[What needs to be done] Your response should consist of the entries below, reproduced exactly and without their images.
[Provided information — start]
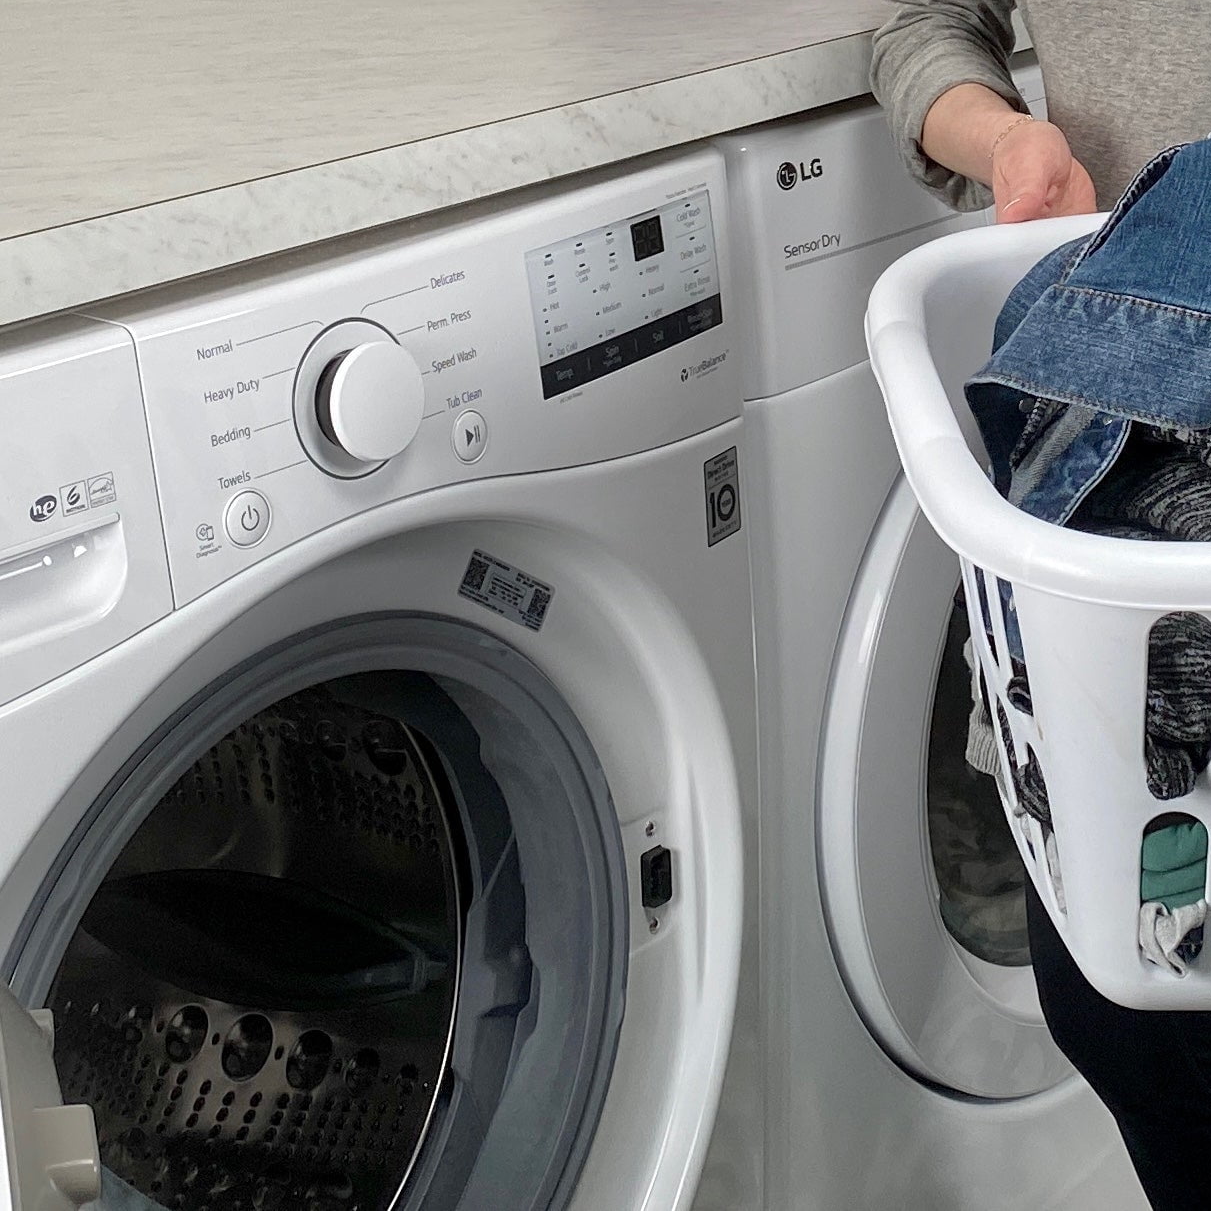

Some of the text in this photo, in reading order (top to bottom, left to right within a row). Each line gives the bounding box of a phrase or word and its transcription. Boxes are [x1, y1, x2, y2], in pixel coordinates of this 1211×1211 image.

[800, 158, 823, 181] LG
[430, 270, 466, 290] Delicates
[427, 309, 472, 333] Perm. Press
[196, 339, 234, 360] Normal
[431, 347, 477, 374] Speed Wash
[203, 379, 260, 404] Heavy Duty
[446, 388, 483, 410] Tub Clean
[210, 426, 251, 447] Bedding
[217, 470, 251, 490] Towels
[Provided information — finish]
[Task result]
Some of the text in this photo, in reading order (top to bottom, left to right within a row). Each line gives the bounding box of a phrase or word and its transcription. Boxes are [x1, y1, x2, y2], in pixel coordinates of this 1211×1211 image.

[800, 158, 823, 181] LG
[430, 270, 466, 290] Delicates
[427, 309, 472, 333] Perm. Press
[196, 339, 234, 360] Normal
[431, 347, 477, 374] Speed Wash
[203, 379, 260, 404] Heavy Duty
[446, 388, 483, 410] Tub Clean
[210, 426, 251, 447] Bedding
[217, 470, 251, 490] Towels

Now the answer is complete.